The USPTO announced that it would revisit its subject matter eligibility guidance today, July 25.
USPTO director Kathi Vidal indicated in the blog post in which she announced the news that she wanted to provide more consistent examination on patent eligibility.
She said the USPTO started to address Section 101 uncertainty after former director Andrei Iancu introduced the 2019 Revised Patent Subject Matter Eligibility Guidance, but that more needed to be done.
Vidal said she encouraged the public to send any thoughts or comments on the guidance to 101@uspto.gov by September 15 2022. She noted that it would be easier for the office to assess specific comments, and that proposed redlines were welcome.
Robert Sokohl, a director in Sterne Kessler’s electronics practice group in Washington DC, said this development was encouraging and that Vidal’s leadership was greatly needed and appreciated.
“In addition to Director Vidal’s efforts, which are a solid step in the right direction for those seeking patent protection, we recognise that action by Congress, the Federal Circuit, and the Supreme Court is also needed to provide further clarity in this critical area of intellectual property law.”

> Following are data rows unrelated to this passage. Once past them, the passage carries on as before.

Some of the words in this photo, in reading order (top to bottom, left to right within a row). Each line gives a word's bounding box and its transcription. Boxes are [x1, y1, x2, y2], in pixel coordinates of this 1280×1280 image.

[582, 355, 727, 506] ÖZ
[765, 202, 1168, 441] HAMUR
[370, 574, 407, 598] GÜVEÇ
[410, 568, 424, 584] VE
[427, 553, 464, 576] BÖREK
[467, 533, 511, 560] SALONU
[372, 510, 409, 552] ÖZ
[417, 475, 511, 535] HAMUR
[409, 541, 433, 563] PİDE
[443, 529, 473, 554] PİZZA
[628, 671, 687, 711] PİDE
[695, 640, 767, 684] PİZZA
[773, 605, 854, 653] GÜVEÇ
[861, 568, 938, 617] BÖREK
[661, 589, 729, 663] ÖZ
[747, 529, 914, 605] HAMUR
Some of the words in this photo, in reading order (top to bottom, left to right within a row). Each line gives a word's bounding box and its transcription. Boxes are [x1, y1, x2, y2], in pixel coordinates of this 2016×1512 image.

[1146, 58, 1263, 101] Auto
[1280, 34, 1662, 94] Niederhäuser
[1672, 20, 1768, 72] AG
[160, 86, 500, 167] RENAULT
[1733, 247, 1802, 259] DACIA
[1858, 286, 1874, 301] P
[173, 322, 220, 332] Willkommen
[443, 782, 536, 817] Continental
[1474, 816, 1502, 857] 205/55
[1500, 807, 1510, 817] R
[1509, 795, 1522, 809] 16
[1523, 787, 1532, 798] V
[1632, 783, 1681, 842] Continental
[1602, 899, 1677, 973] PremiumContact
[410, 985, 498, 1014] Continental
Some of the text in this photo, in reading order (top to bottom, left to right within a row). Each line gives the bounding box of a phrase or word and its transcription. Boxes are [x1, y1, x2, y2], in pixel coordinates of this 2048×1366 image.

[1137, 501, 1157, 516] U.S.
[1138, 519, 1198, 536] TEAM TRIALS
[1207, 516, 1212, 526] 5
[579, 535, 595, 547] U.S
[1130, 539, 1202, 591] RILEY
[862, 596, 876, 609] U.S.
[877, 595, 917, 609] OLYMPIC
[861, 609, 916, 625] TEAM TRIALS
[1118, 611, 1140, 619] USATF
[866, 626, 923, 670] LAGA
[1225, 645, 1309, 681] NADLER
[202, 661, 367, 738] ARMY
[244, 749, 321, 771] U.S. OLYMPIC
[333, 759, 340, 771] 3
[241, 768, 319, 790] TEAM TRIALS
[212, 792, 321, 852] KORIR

The USPTO released a report on the state of subject matter eligibility in June.
The office found that stakeholders across the spectrum agreed that Section 101 needed to be clearer, more predictable and consistently applied. It also confirmed that different stakeholders maintained diverging views on the matter.
In October 2019, the USPTO provided updates to its Section 101 guidance on claims that recited judicial exceptions, groupings of abstract ideas and judicial exceptions integrated into practical applications, among other matters.
The guidance, introduced in January 2019, explained that abstract ideas included mathematical concepts, certain methods of organising human activity and mental processes.
It also included a two-prong inquiry for whether claims were directed to judicial exception. Examiners had to consider whether claims recited judicial exceptions and, if so, whether claims integrated the exceptions into practical applications.
Patent eligibility law, which is set out in Section 101 under Title 35 of the US Code, has been a bone of contention among patent lawyers since the Supreme Court’s rulings in Mayo, Myriad and Alice in the 2010s.
These edicts made it harder for applicants to obtain diagnostics, gene sequencing, software and other related patents, and made it easier for others to invalidate these types of registrations.